Counsel assisting, Michael Hodge, displayed as evidence a script given to phone staff contacting these members that read: “From January 1, 2014, legislation changed regarding investment directions for contributions. We must have on record a direction from each member as to how they would like their contributions invested.”
“Do you agree the statement as written is not true?” Hodge asked Elkins.
“Standing on its own, you’re right,” she replied.
Hodge also displayed a letter to members that stated CFS needed an investment direction for future contributions paid into FirstChoice Personal Super. At the bottom, the letter stated that if the member didn’t reply by May 10, 2014, it would commence the process to transfer the account to a MySuper product, and also stated “this may result in costs to you and the loss of any insurance cover you may currently have in FirstChoice Personal Super”.
Hodge said the obvious intent of this statement was to cause members to be apprehensive about their accounts being moved to a MySuper product. It would also allow CFS to continue charging commissions, which would cease if funds were transferred.
“The purpose of this letter was to assist CFS to stop committing an offence?” Hodge asked.
Replied Elkins: “That wasn’t, you know, our focus. Yes, we – yes, we were focused, of course, on stopping the breach, but we had genuine concern…that these members would turn their mind to their investments and their insurance.”
It emerged the Australian Prudential Regulation Authority had seen the communications and expressed no problem with them. The last tranche of 7000 default accounts was scheduled to be completed by May 2017.
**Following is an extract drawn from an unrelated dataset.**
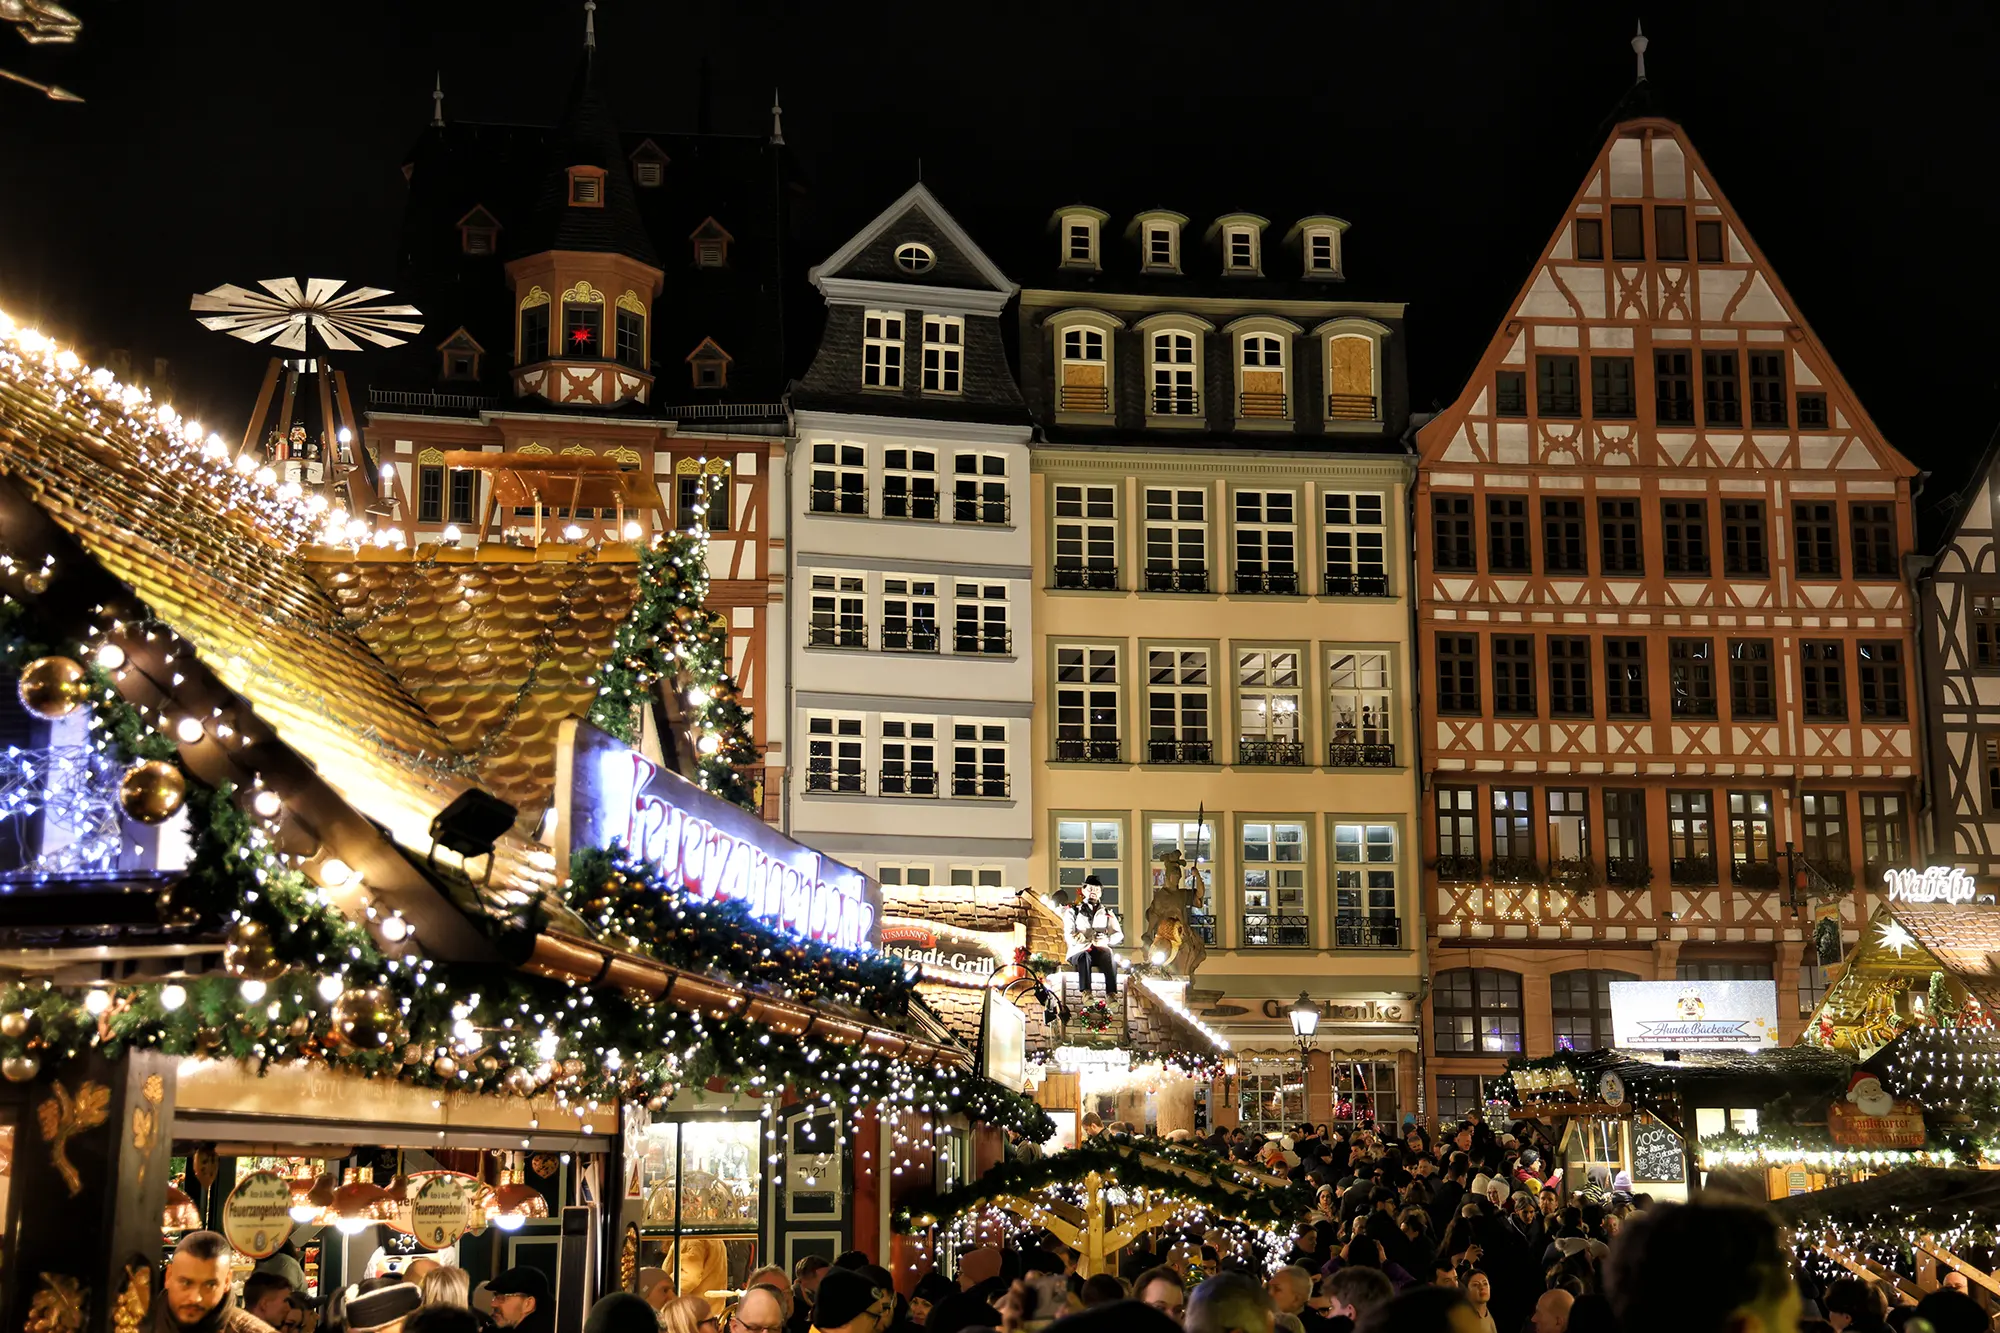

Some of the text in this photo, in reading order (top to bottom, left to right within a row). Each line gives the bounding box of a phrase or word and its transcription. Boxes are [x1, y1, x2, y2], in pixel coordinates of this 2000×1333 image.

Hodge asked: “Were you surprised at the end of this three-and-a-half year period that APRA never took any enforcement action with respect to Colonial First State for its many admitted contraventions?”
“No,” Elkins replied.
“Why not?” Hodge asked.
“We felt we had worked through the contraventions and resolved them satisfactorily.”
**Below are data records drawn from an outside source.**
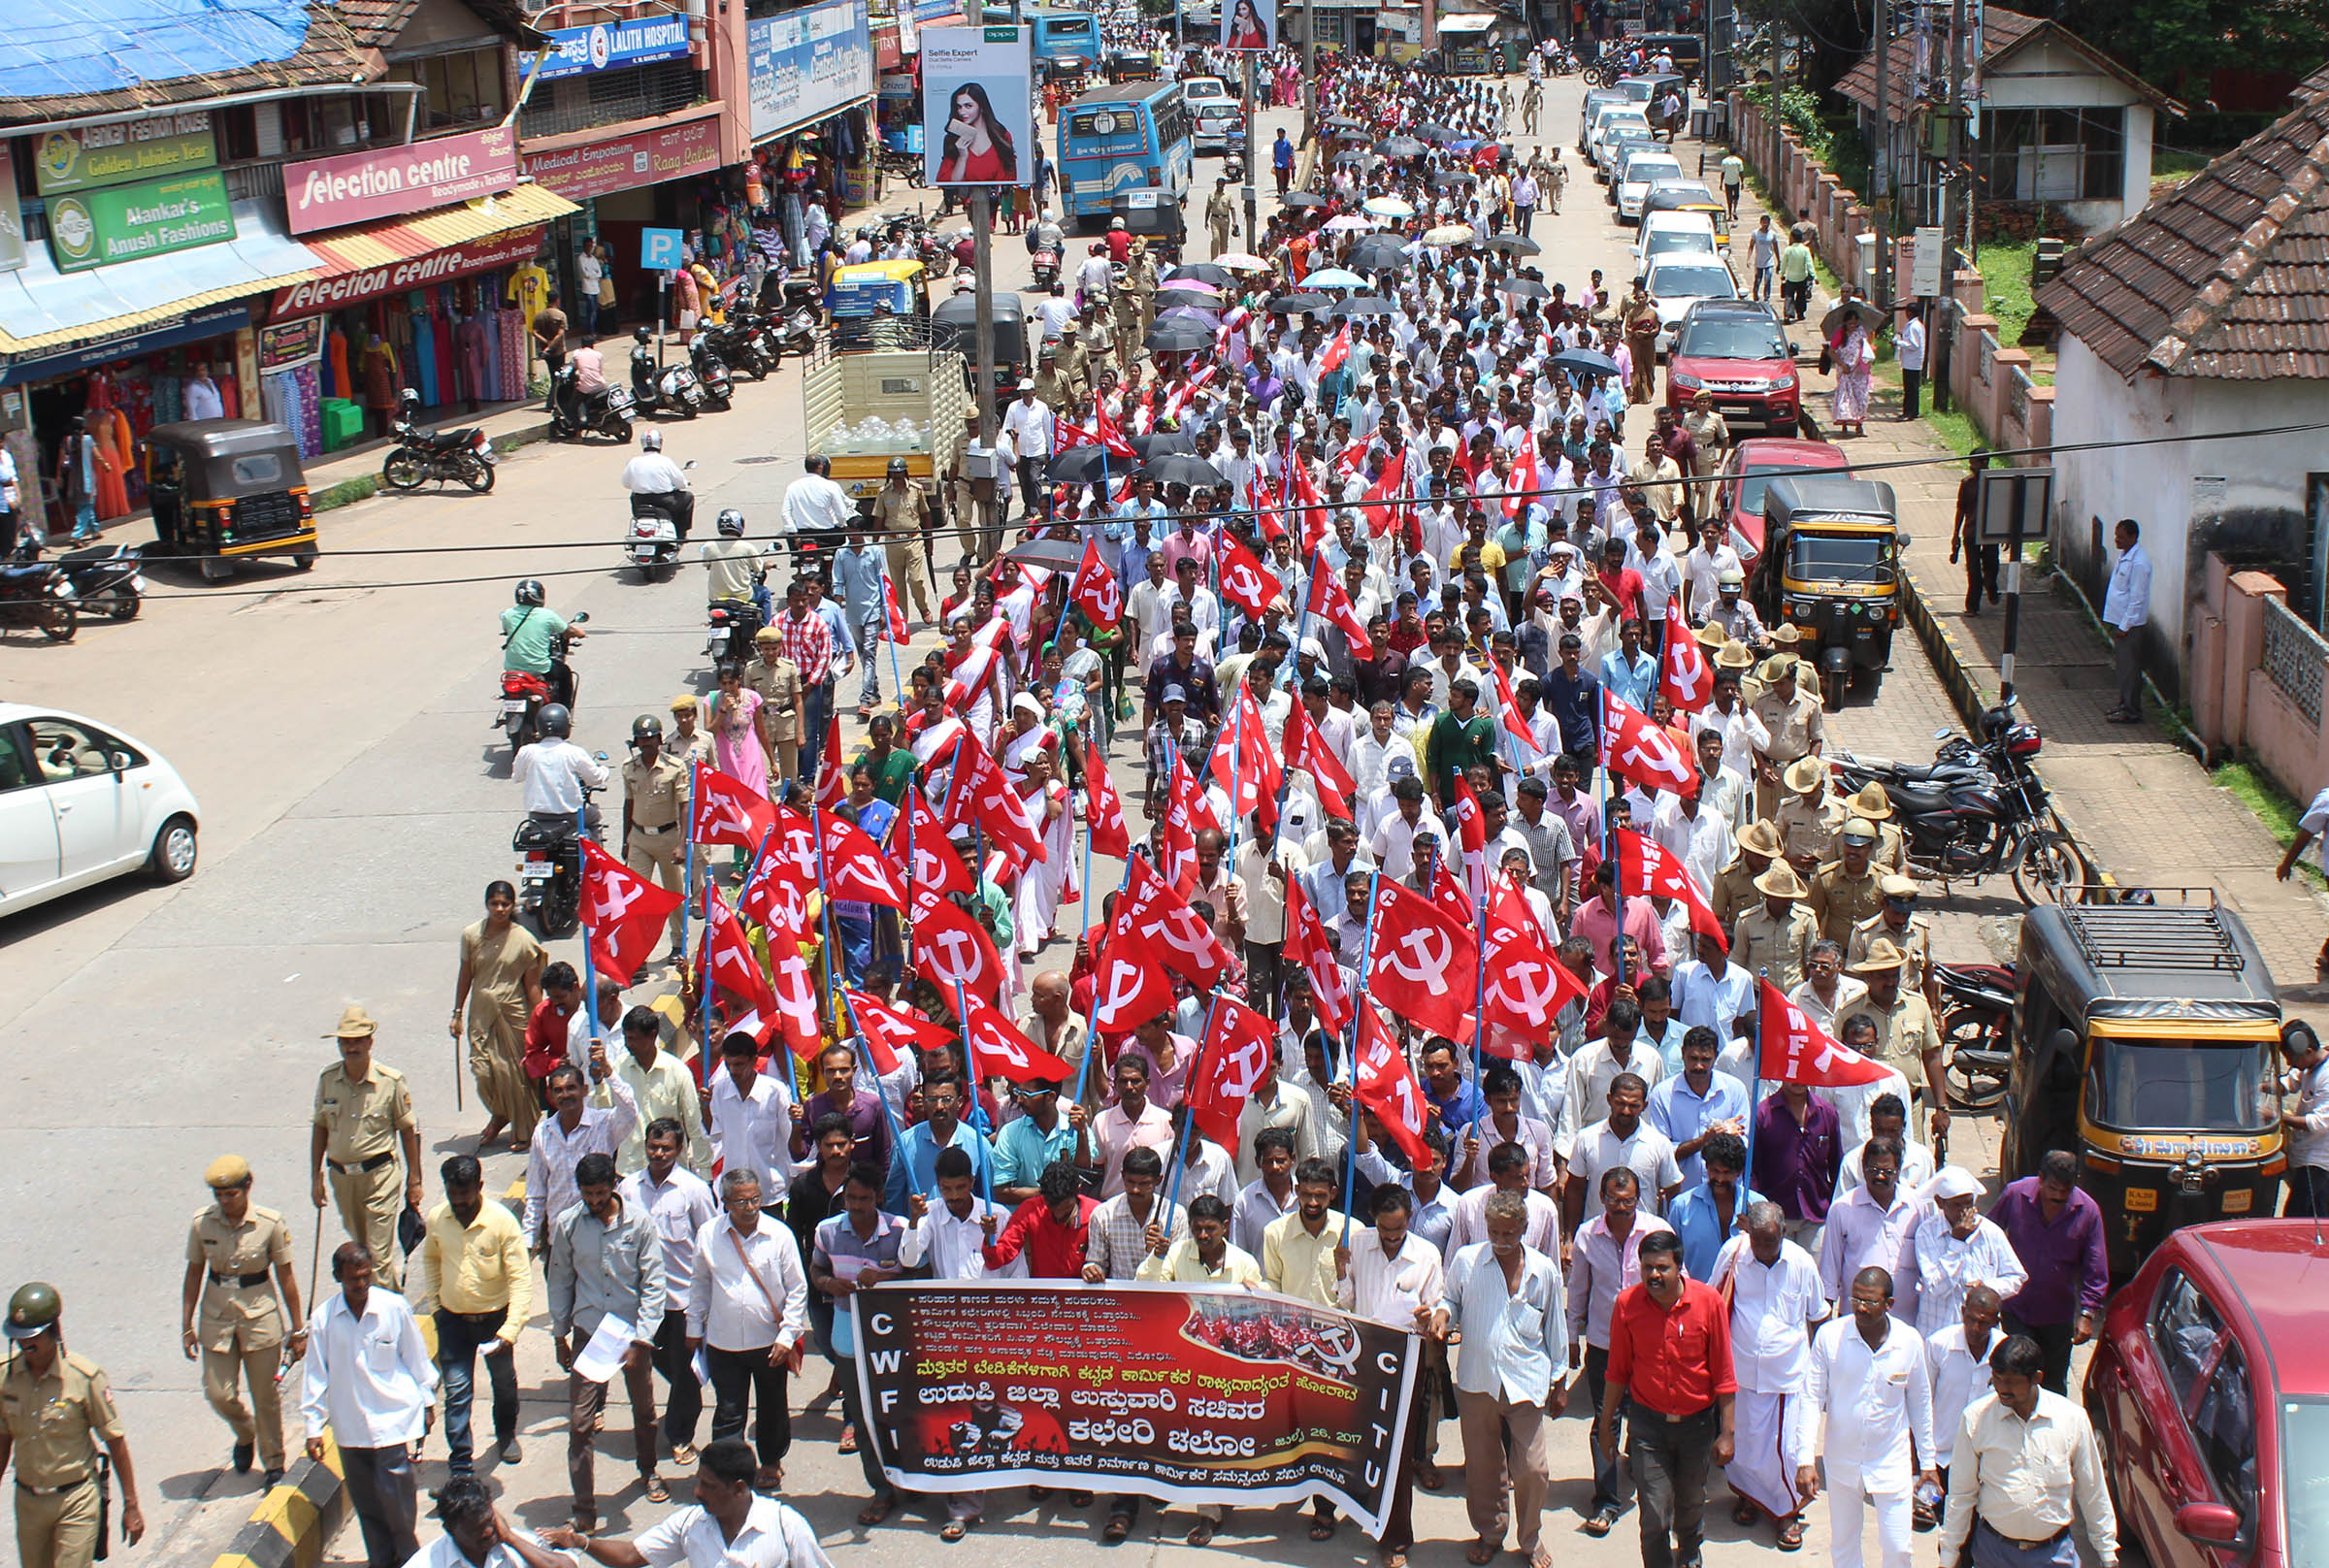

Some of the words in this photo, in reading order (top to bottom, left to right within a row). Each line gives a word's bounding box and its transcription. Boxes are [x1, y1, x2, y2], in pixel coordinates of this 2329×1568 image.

[610, 30, 642, 53] LALITH
[644, 21, 685, 49] HOSPITAL
[928, 49, 951, 58] Selfie
[952, 49, 978, 58] Expert
[88, 156, 132, 178] Golden
[135, 147, 179, 170] Jubilee
[181, 143, 209, 162] Year
[531, 152, 580, 175] Medical
[582, 144, 634, 164] Emporium
[652, 152, 681, 174] Raag
[683, 145, 716, 167] Lalith
[299, 163, 402, 211] Selection
[407, 152, 472, 185] centre
[431, 177, 479, 200] Readymade
[484, 172, 512, 189] Textiles
[55, 219, 91, 236] ANUSH
[126, 198, 200, 226] Alankar's
[108, 231, 157, 257] Anush
[160, 219, 228, 249] Fashions
[649, 234, 672, 262] P
[277, 266, 389, 315] Selection
[393, 250, 463, 285] centre
[461, 251, 506, 269] Readymade
[510, 244, 538, 257] Textiles
[916, 1358, 968, 1380] ಮತ್ತಿತರ
[974, 1360, 1070, 1380] ಬೇಡಿಕೆಗಳಿಗಾಗಿ
[1077, 1366, 1114, 1388] ಕಟ್ಟಡ
[1121, 1366, 1192, 1386] ಕಾರ್ಮಿಕರ
[1197, 1372, 1291, 1398] ರಾಜ್ಯದಾದ್ಯಂತ
[1296, 1376, 1359, 1401] ಹೋರಾಟ
[918, 1381, 996, 1404] ಉಡುಪಿ
[1005, 1383, 1062, 1409] ಜಿಲ್ಲಾ
[1070, 1386, 1178, 1416] ಉಸ್ತುವಾರಿ
[1188, 1396, 1265, 1421] ಸಚಿವರ
[1067, 1417, 1156, 1447] ಕಛೇರಿ
[1167, 1428, 1256, 1457] ಚಲೋ
[1275, 1427, 1305, 1448] ಜುಲೈ
[1335, 1430, 1362, 1444] 2017
[1363, 1351, 1398, 1488] CITU
[924, 1455, 963, 1468] ಉಡುಪಿ
[1001, 1451, 1031, 1468] ಕಟ್ಟಡ
[1034, 1454, 1060, 1468] ಮತ್ತು
[1097, 1456, 1149, 1471] ನಿರ್ಮಾಣ
[1154, 1463, 1207, 1482] ಕಾರ್ಮಿಕರ
[1212, 1470, 1269, 1486] ಸಮನ್ವಯ
[1310, 1463, 1345, 1485] ಉಡುಪಿ
Later Peter Chun, CFS’ general manager of distribution, was questioned about events in the years that led up to an enforceable undertaking this year where CBA agreed to stop selling superannuation products together with “financial health checks” at its branches. This amounted to staff giving unauthorised personal advice, ASIC found.
Hodge asked Chun about a “revenue sharing model” where CBA would take a 30 per cent cut in return for CBA branch advisers selling Essential Super products, under a “general advice” model that supposedly did not offer personal financial advice.
CFS had commissioned KPMG to conduct “mystery shopping” in various branches in 2013 and 2014 to identify potential problems, and found a high decree of compliance exceptions, including that 85 per cent of customers were not given a general advice warning.
Hodge summarised some of his concerns with this question: “Does it seem strange to you that it would be impossible under the Future of Finacial Advice laws for a superannuation fund to enter into an agreement with a financial adviser where they will agree to pay 30 per cent of their revenue to the financial adviser if the financial adviser provides personal financial advice to a member of the public and that leads to the member of the public going into the fund, but it’s apparently fine for a fund to pay 30 per cent of this net revenue to a bank to recommend to a member of the public or attempt to suggest to a member of the public that they should join the fund?”
The arrangement was determined based on “an approximation of cost”, Chun said.
“Because it was…offering a new distribution model, the trustee felt this was the fairest and most equitable way to strike a…fee arrangement with the bank, Chun said.
Hodge asked if this distribution model envisaged that engagement with customers in the branch would lead to members joining the related superannuation fund.
“If it’s appropriate for the member, yes,” Chun replied.
“But the person in the branch isn’t attempting to make any assessment of whether it’s appropriate for the member?”
“That’s exactly the…general advice regime,” Chun replied. “We were not recommending other products to the customer. We were making them aware of this particular superannuation offering.”